> _About this task_: Set down the records exactly, and omit any image found in them.

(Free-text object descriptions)
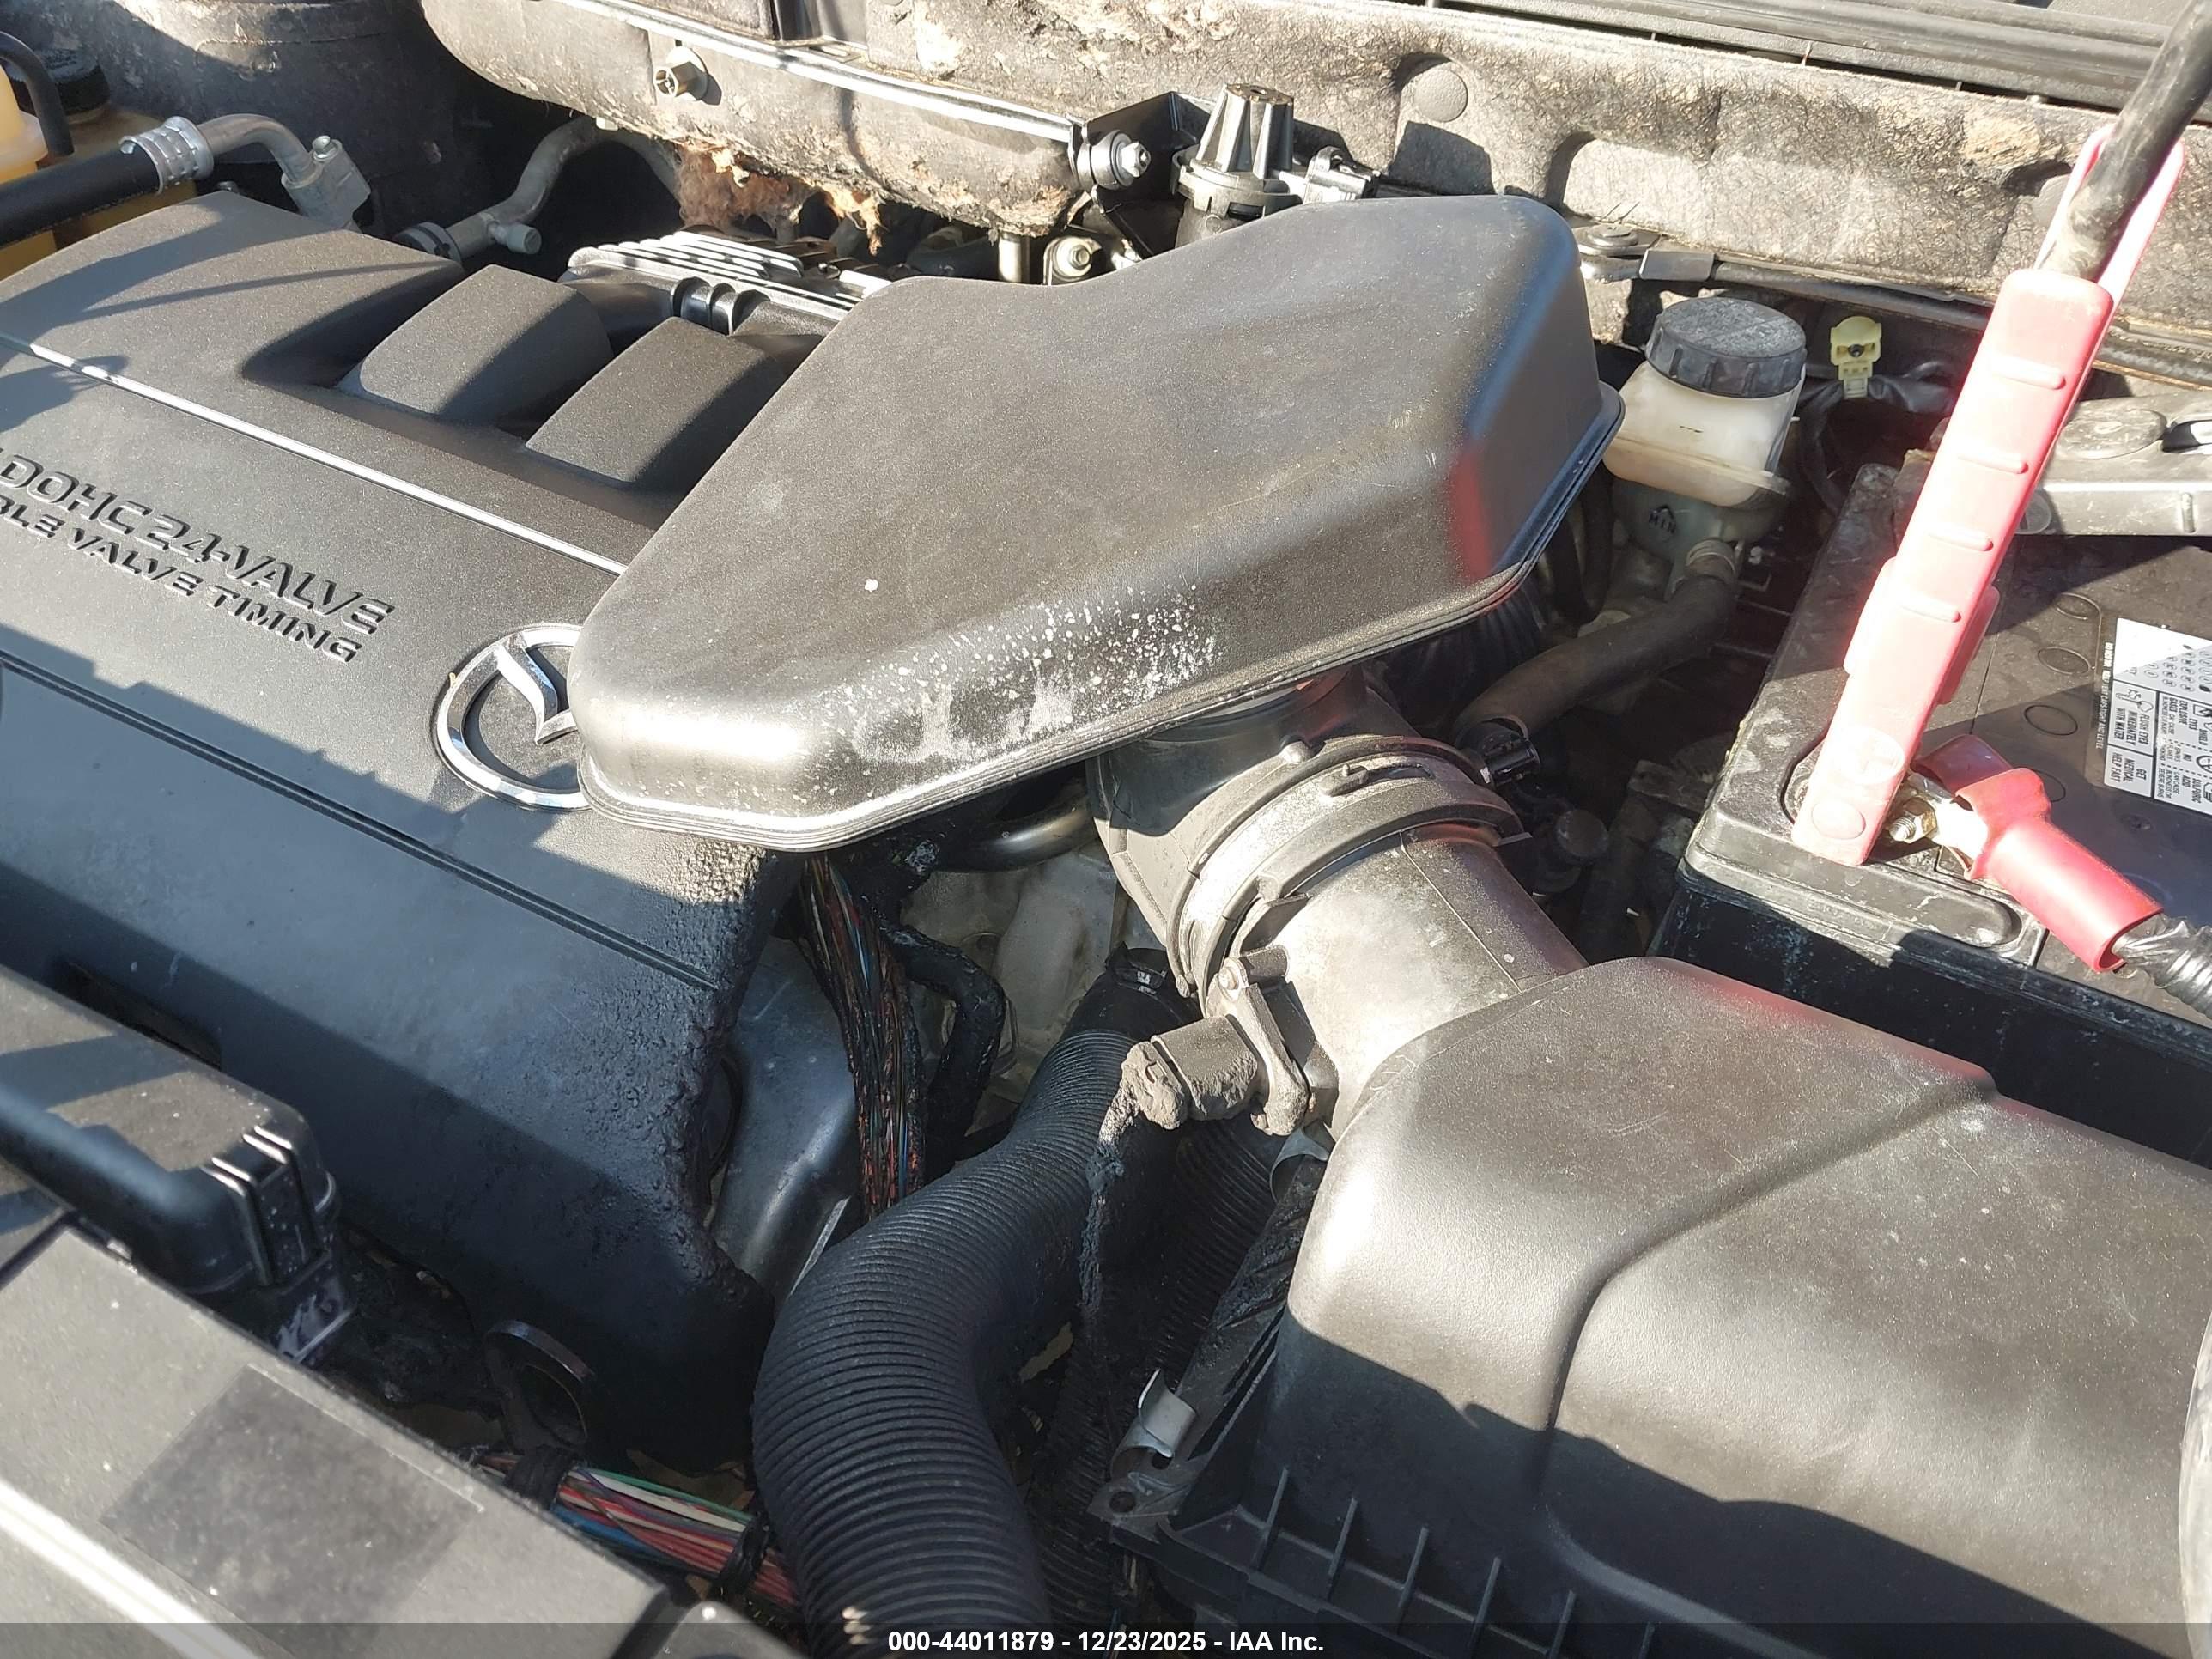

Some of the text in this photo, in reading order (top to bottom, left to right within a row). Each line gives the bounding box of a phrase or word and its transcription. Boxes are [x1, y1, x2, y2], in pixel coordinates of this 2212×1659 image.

[0, 454, 396, 635] DOHC 24-VALVE
[67, 527, 204, 597] VALVE
[207, 585, 363, 663] TIMING
[2114, 707, 2125, 740] WITH WATER
[2179, 700, 2189, 725] EXPLOSIVE
[2188, 718, 2198, 731] EYES
[2095, 732, 2105, 749] LEVEL
[2126, 710, 2138, 745] IMMEDIATELY
[2138, 713, 2150, 745] FLUSH EYES
[2110, 752, 2123, 782] HELP FAST
[2123, 757, 2136, 782] MEDICAL
[2183, 753, 2193, 763] NO
[2136, 768, 2148, 781] GET
[2182, 775, 2191, 787] ACID
[2191, 777, 2202, 804] SULFURIC
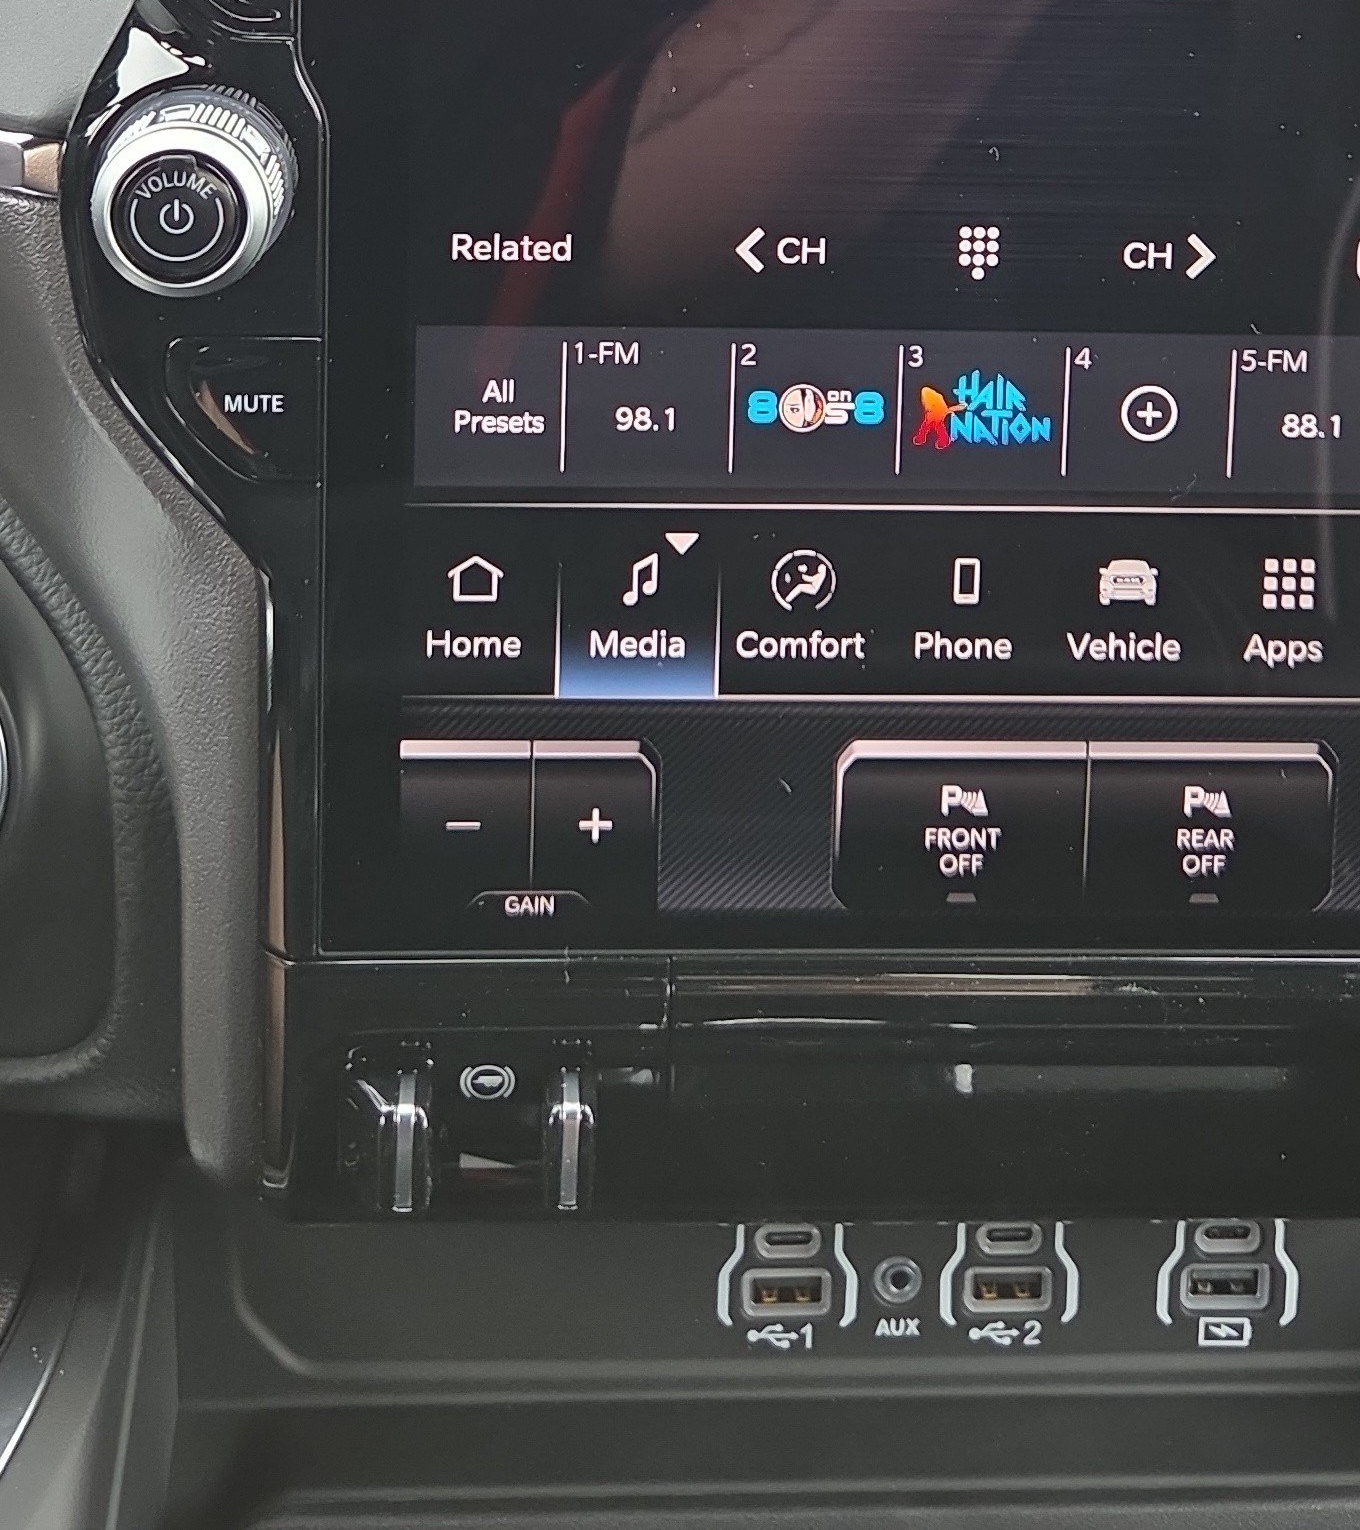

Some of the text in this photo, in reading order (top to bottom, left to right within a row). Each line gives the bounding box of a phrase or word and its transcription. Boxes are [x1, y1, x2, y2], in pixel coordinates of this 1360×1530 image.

[135, 170, 217, 200] VOLUME
[451, 234, 573, 262] Related
[776, 237, 827, 266] CH
[1123, 242, 1173, 269] CH
[574, 342, 640, 366] 1-FM
[740, 343, 758, 367] 2
[907, 345, 925, 369] 3
[1073, 347, 1093, 370] 4
[1240, 349, 1309, 373] 5-FM
[481, 379, 516, 404] All
[952, 370, 1028, 411] HAIR
[224, 394, 285, 413] MUTE
[453, 410, 545, 436] Presets
[615, 408, 676, 433] 98.1
[1281, 414, 1342, 439] 88.1
[426, 629, 522, 660] Home
[589, 629, 686, 660] Media
[736, 630, 866, 660] Comfort
[914, 631, 1013, 661] Phone
[1066, 632, 1182, 662] Vehicle
[1243, 633, 1324, 668] Apps
[925, 828, 1002, 851] FRONT
[1176, 828, 1235, 851] REAR
[939, 854, 984, 877] OFF
[1182, 854, 1226, 877] OFF
[504, 895, 555, 917] GAIN
[800, 1323, 813, 1348] 1
[875, 1318, 920, 1336] AUX
[1024, 1320, 1042, 1344] 2

> _Exercise output_:
Some of the text in this photo, in reading order (top to bottom, left to right within a row). Each line gives the bounding box of a phrase or word and its transcription. Boxes are [x1, y1, x2, y2], in pixel coordinates of this 2212×1659 image.

[0, 454, 396, 635] DOHC 24-VALVE
[67, 527, 204, 597] VALVE
[207, 585, 363, 663] TIMING
[2114, 707, 2125, 740] WITH WATER
[2179, 700, 2189, 725] EXPLOSIVE
[2188, 718, 2198, 731] EYES
[2095, 732, 2105, 749] LEVEL
[2126, 710, 2138, 745] IMMEDIATELY
[2138, 713, 2150, 745] FLUSH EYES
[2110, 752, 2123, 782] HELP FAST
[2123, 757, 2136, 782] MEDICAL
[2183, 753, 2193, 763] NO
[2136, 768, 2148, 781] GET
[2182, 775, 2191, 787] ACID
[2191, 777, 2202, 804] SULFURIC

Some of the text in this photo, in reading order (top to bottom, left to right within a row). Each line gives the bounding box of a phrase or word and its transcription. Boxes are [x1, y1, x2, y2], in pixel coordinates of this 1360×1530 image.

[135, 170, 217, 200] VOLUME
[451, 234, 573, 262] Related
[776, 237, 827, 266] CH
[1123, 242, 1173, 269] CH
[574, 342, 640, 366] 1-FM
[740, 343, 758, 367] 2
[907, 345, 925, 369] 3
[1073, 347, 1093, 370] 4
[1240, 349, 1309, 373] 5-FM
[481, 379, 516, 404] All
[952, 370, 1028, 411] HAIR
[224, 394, 285, 413] MUTE
[453, 410, 545, 436] Presets
[615, 408, 676, 433] 98.1
[1281, 414, 1342, 439] 88.1
[426, 629, 522, 660] Home
[589, 629, 686, 660] Media
[736, 630, 866, 660] Comfort
[914, 631, 1013, 661] Phone
[1066, 632, 1182, 662] Vehicle
[1243, 633, 1324, 668] Apps
[925, 828, 1002, 851] FRONT
[1176, 828, 1235, 851] REAR
[939, 854, 984, 877] OFF
[1182, 854, 1226, 877] OFF
[504, 895, 555, 917] GAIN
[800, 1323, 813, 1348] 1
[875, 1318, 920, 1336] AUX
[1024, 1320, 1042, 1344] 2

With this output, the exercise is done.